Leading a Ride and Dealing with Stragglers
So far this year I have lead 6 rides for PFW. All of them have been B rides. However, looking back on them I can see it could easily be argued the rides were all B+. Club members in PFW tend to categorize themselves as B riders per the club’s Ride Guidelines. But those guidelines really only apply to flat routes that typically depart and end on the east side of US Route 1. All of my rides depart and end on the west side of US Route 1 and pretty much are quite hilly. Most of the riders who show up for my rides are specifically looking for rides with hills and they do well on hills. This sets them apart from the typical PFW club member. It also means they are really B+ riders, and not B riders.
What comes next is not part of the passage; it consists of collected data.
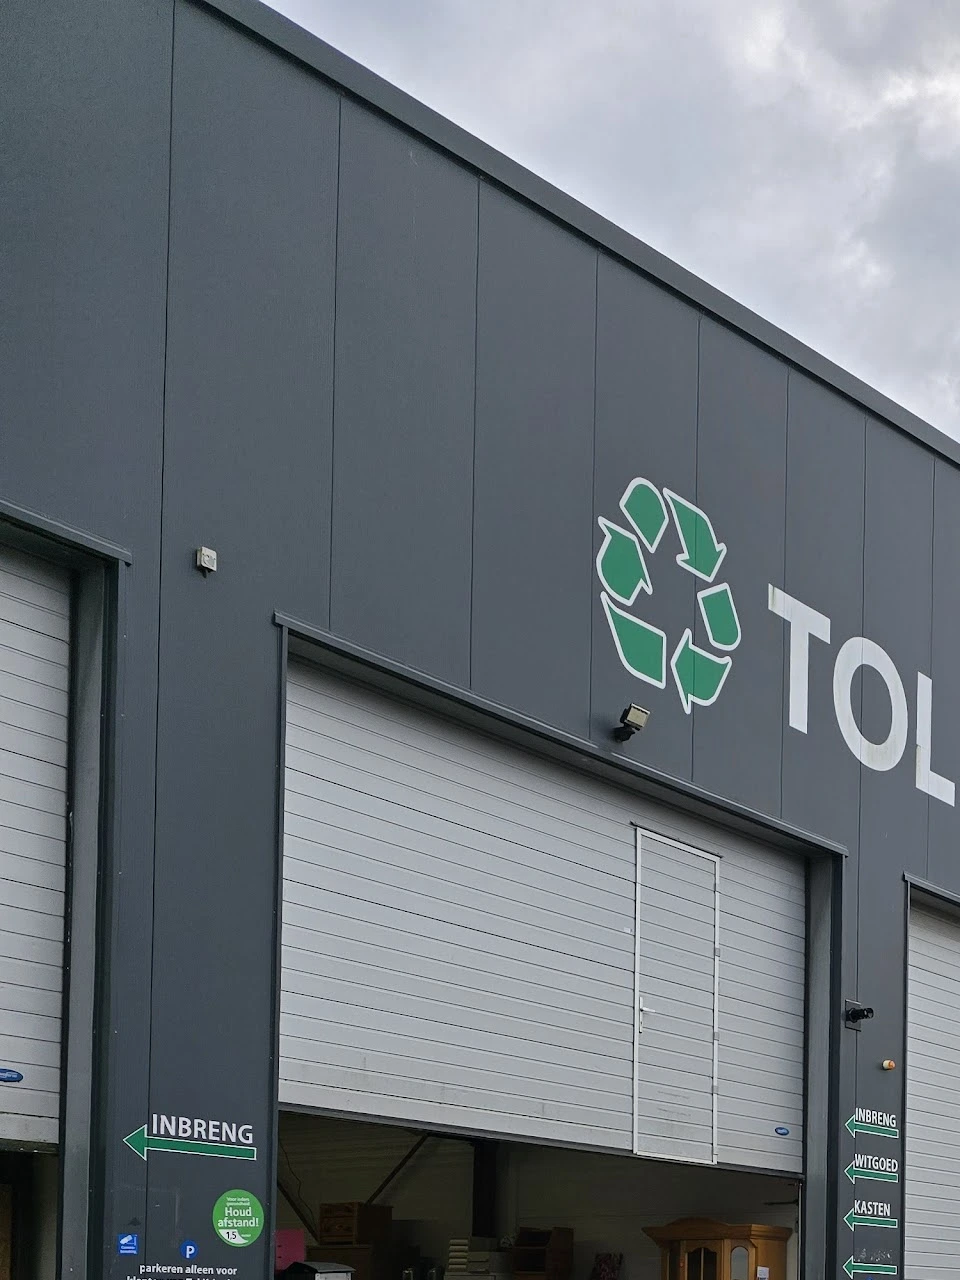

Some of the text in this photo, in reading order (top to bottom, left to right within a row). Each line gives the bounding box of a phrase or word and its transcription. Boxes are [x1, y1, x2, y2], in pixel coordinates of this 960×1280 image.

[767, 583, 956, 807] TOL
[855, 1107, 897, 1127] INBRENG
[152, 1114, 253, 1144] INBRENG
[854, 1153, 898, 1172] WITGOED
[225, 1206, 252, 1216] Houd
[854, 1200, 891, 1217] KASTEN
[217, 1217, 259, 1227] afstand!
[226, 1231, 237, 1240] 1,5
[139, 1264, 238, 1275] parkeren alleen voor
I had one rider who showed up for one of my rides who just wasn’t up to staying with the rest of the riders. I held back on the hills to let him know he wasn’t being abandoned. The faster riders would wait for us at the top of the climbs. When the straggler would reach the waiting group I would direct everyone to move on. Toward the end of the ride the straggler quibbled that I wasn’t letting him rest. My response was I was doing him a favor because if I let him rest he would relax and lose the speed he was able to maintain while engaged. I said further that the speedsters were handicapping themselves for him by waiting on him in the first place. When they were stopping they were relaxing and losing the speed they could maintain if they had otherwise kept going.
There will always be riders who want to go off the front of the pack. And there will always be stragglers on a ride. This fact of life is what makes leading bike rides interesting. The leader has to keep the strong riders happy while at the same time keep the stragglers content. Stragglers usually don’t come back a second time. This is good, but it is also bad. It’s good so the stronger riders will eventually get the best workout from their ride as possible. But it is bad because a straggler will only improve if he or she builds up his or her stamina and endurance and feels welcome to come back to the ride to see if they are in fact improving.